L'âme a soif de l'absolu, mais c'est là une soif de l'âme qui ne doit pas être une soif de l'homme. L'homme dans le temps et dans l'espace, c'est-à-dire vivant de cette vie momentanée qui n'est que le fantôme de la vie, l'homme appartient au relatif. Qui dit limite, dit rapport et proportion. Contentons-nous donc du relatif, puisque nous sommes limités. Ne cherchons pas l'absolu ici-bas. Nous le trouverons ailleurs. L'absolu n'est pas de ce monde. Il est trop lourd pour cette terre ; il la ferait sortir de son orbite si jamais il venait à peser sur elle.

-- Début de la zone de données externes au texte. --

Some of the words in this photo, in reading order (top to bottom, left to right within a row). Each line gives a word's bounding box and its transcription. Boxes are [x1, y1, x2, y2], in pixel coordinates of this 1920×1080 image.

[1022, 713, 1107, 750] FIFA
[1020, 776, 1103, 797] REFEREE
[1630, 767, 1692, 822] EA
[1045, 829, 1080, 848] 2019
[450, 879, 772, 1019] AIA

Il y a deux lois, la loi des globes et la loi de l'espace. La loi des globes, c'est la mort ; la limite exige la destruction. La loi de l'espace, c'est l'éternité, l'infini permet l'expansion.
Entre les deux mondes, entre les deux lois, il y a un pont, la transformation.

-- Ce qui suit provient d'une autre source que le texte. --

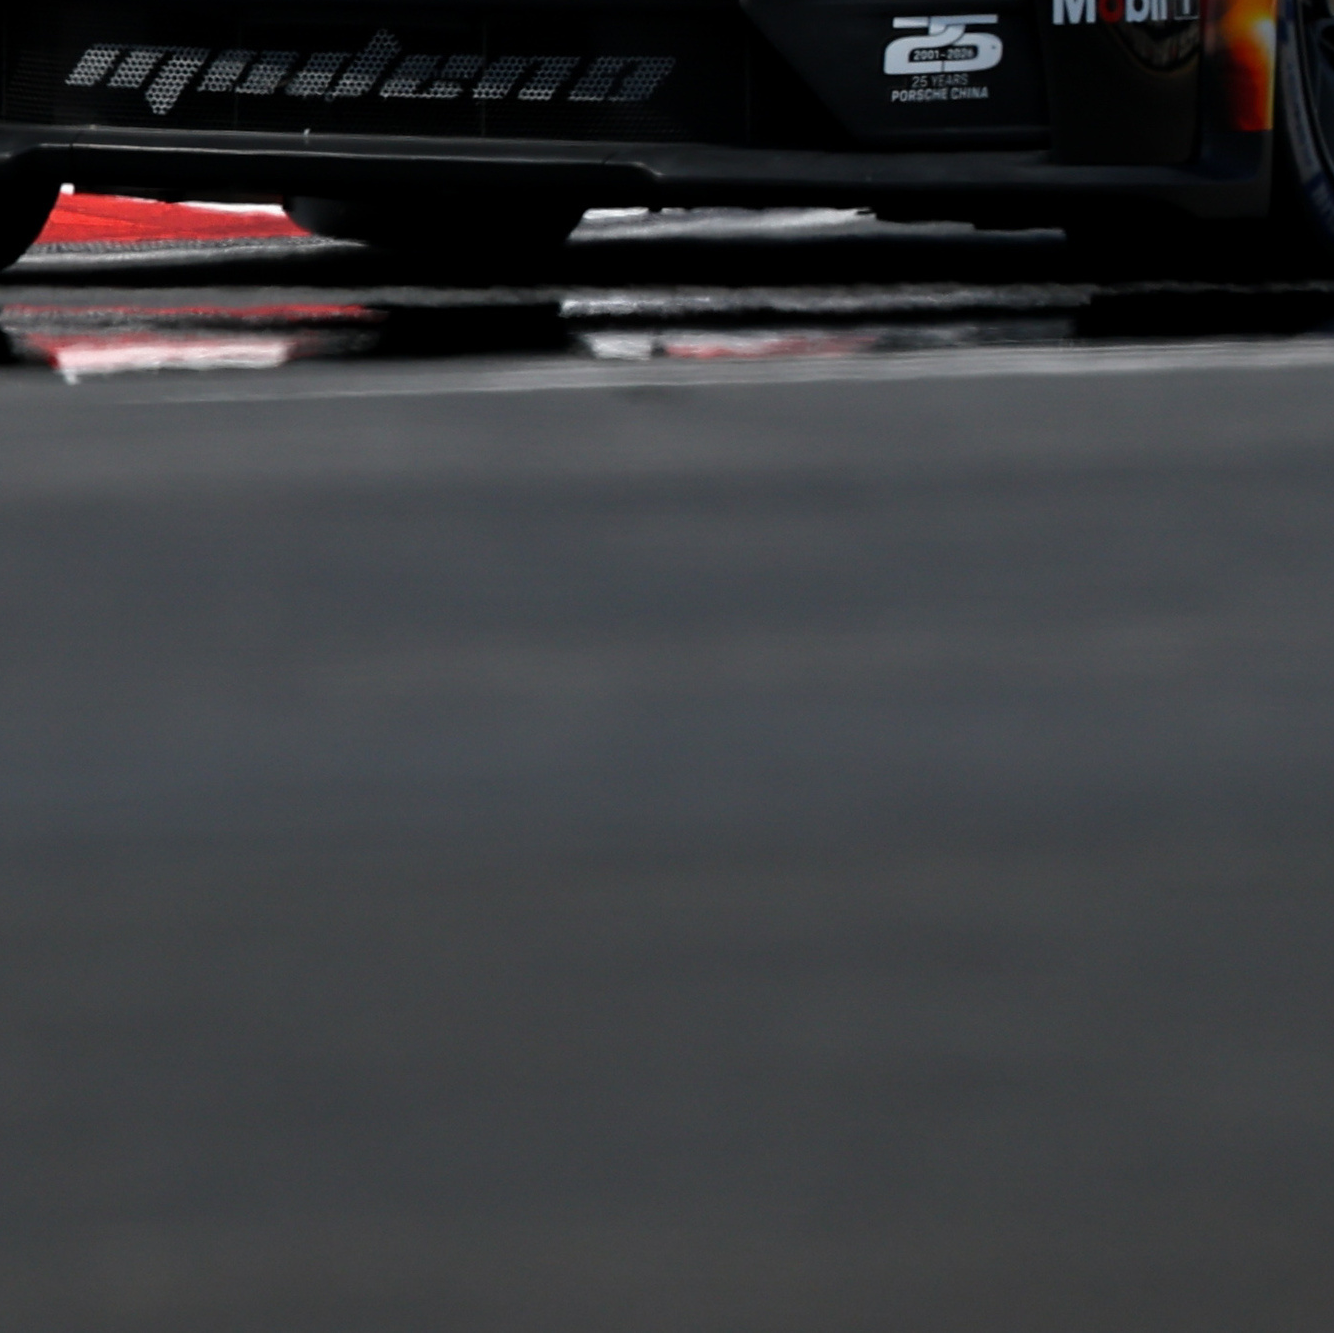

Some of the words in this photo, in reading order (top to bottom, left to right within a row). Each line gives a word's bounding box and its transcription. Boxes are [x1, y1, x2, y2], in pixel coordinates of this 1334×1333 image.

[910, 74, 929, 89] 25
[931, 72, 969, 87] YEARS
[891, 88, 949, 102] PORSCHE
[950, 86, 990, 99] CHINA

Échapper à la gravitation, c'est échapper à la limite ; échapper à la limite, c'est échapper à la mort.
L'ambition du vivant des globes doit donc être de devenir un vivant de l'espace.
L'homme est une frontière. Être double, il marque la limite des deux mondes. En deçà de lui est la création matérielle ; au delà de lui le mystère.
Naître, c'est entrer dans le monde visible ; mourir, c'est entrer dans le monde invisible.